Podem ver com má vontade o sucesso ou os pertences das outras pessoas, sentindo que eles
é que são os reais merecedores de tais conquistas, admiração ou privilégios. Podem
desvalorizar grosseiramente as contribuições dos outros, sobretudo quando essas pessoas
receberam reconhecimento ou elogio pelo que realizaram. Comportamentos arrogantes e
insolentes caracterizam esses indivíduos; com frequência exibem esnobismo, desdém ou
atitudes condescendentes (Critério 9). Por exemplo, um indivíduo com esse transtorno pode
se queixar da "grosseria" ou "estupidez" de um garçom desajeitado ou concluir uma
avaliação médica com uma apreciação condescendente do médico.

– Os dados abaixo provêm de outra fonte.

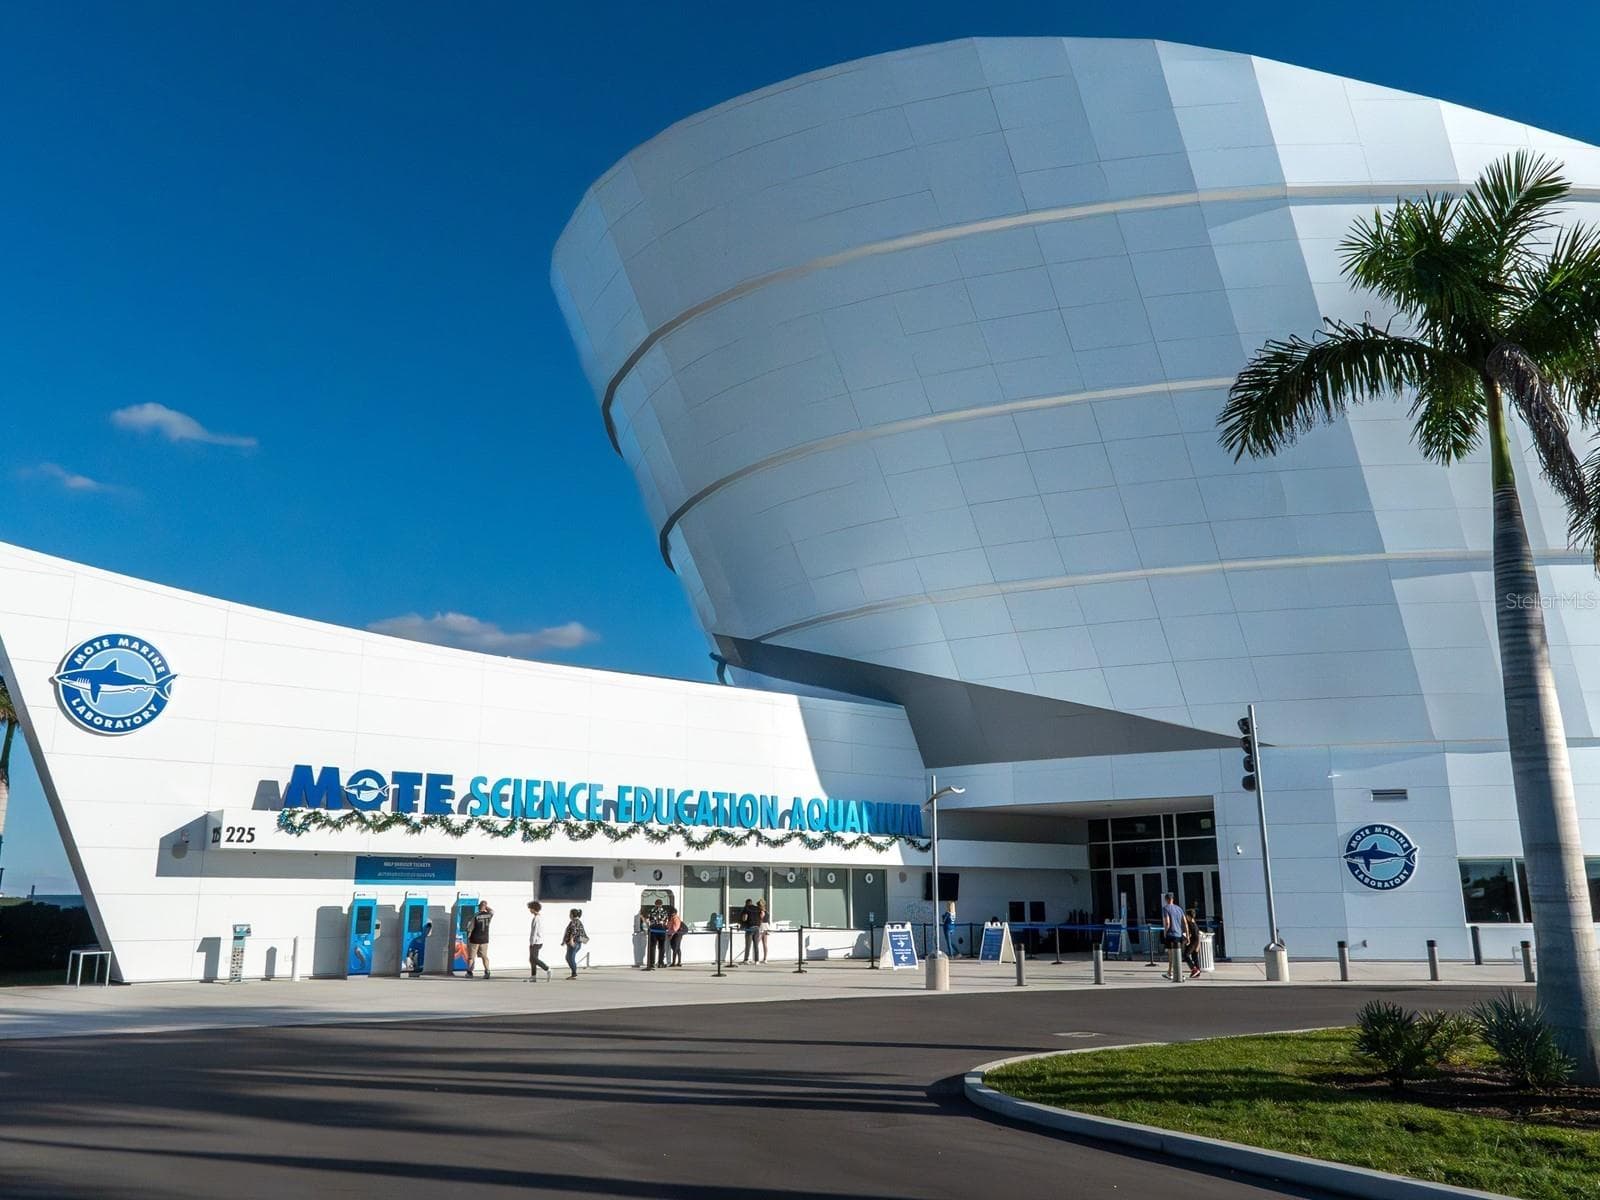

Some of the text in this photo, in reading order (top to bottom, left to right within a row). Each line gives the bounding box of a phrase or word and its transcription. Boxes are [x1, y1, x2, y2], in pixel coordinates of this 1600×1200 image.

[74, 638, 165, 674] MOTE MARINE
[71, 698, 158, 729] LABORATORY
[283, 764, 923, 837] MOTE SCIENCE EDUCATION AQUARIUM
[225, 826, 256, 843] 225
[1350, 826, 1409, 849] MOTE MARINE
[1354, 868, 1409, 889] LABORATORY

Estima-se que 0,5% (zero vírgula cinco por cento) da população mundial tenha o
transtorno. Note-se que o narcisista patológico é um indivíduo cujas atitudes e reações são
esboçadas a partir da imagem (fala) que ele cria de si mesmo. A idealização dessa
autoimagem tem a finalidade de negar, inconscientemente, uma realidade e, com isso, fazer
com que a pessoa com TPN possa encaixar-se no seu meio social e receber aquilo que
deseja.

Apesar do sentimento grandioso de autovalor, são pessoas insatisfeitas consigo


mesmas e criam uma falsa imagem de si para suprir suas inseguranças e baixa
autoestima. Exatamente por ser uma falsa imagem, a autoestima do narcisista pode
ser muito facilmente abalada e, quando isto ocorre, rapidamente encontram um meio
de reconstituir-se, responsabilizando o mundo e os outros por seus eventuais fracassos
e decepções. No âmbito intersubjetivo, não conseguem ser empáticos e não possuem
interesse genuíno pelas outras pessoas, utilizando-as a partir dos interesses pessoais.
Tudo e todos ao redor não passam de meros objetivos a serem manipulados
cuidadosamente para que a imagem criada pelo narcisista mantenha-se intacta.

Narcisismo materno

São mães invasivas e manipuladoras, mas justificam e normalizam suas atitudes como
sendo as habituais “coisas de mãe”. Quando passam do limite, negam firmemente qualquer
tipo de transgressão ou erro. Com uma longa jornada de atitudes abusivas e controladoras, a
mãe narcisista possui uma dinâmica operacional bastante sutil como meio de realizar e
perpetuar os abusos contra os/as filhos/as. Os abusos não são facilmente identificáveis por
terceiros, já que, muitas das vezes, só possuem significados em um contexto histórico da
relação e não como um ato isolado.

Não há limites para uma mãe narcisista. E ela se considera dona dos seus filhos. Eles são
uma extensão dela mesma. Constantemente, a individualidade dos/das filhos/as é violada.
Como exemplos de atitude narcisista têm-se: marcação de compromissos sem a criança
expressar a vontade de ir ou não; escolha daquilo que o/a filho/a pode vestir, comer, ouvir,
ver; projeções de sentimentos, sonhos e expectativas, fazendo com que os/as filhos/as só se
sintam amados/as e aceitos quando atendem aos desejos maternos. Objetos são dados e
retirados ao bel prazer materno, pois não pertencem de fato aos/às filhos/as, mas sim à mãe,
quem os comprou e que, por tal condição, acha-se no direito de desfazer-se deles, sem
consultar os/as filhos/as.

A violação de limites é mais comum na infância, quando a criança ainda não formou uma
percepção acerca de si e, consequentemente, do jogo no qual está inserida. Na adolescência,
o/a filho/a já tem condições de se perceber e o desejo por autonomia e independência típico
dessa fase do desenvolvimento torna-se fonte de conflitos. Aqui, a mãe narcisista encara
a resistência adolescente como um questionamento da sua própria autoridade e, então,
muitas vezes, utilizase de uma metodologia punitiva para repreender e evitar a
independência e a autonomia, fazendo com que o/a filho/a sempre esteja em posição
dependente e inferiorizada. Outra forma utilizada para controlar a resistência são a
manipulação e os jogos de culpa, de forma que o/a filho/a desiste de lutar pela
independência, porque sente-se um algoz se o fizer.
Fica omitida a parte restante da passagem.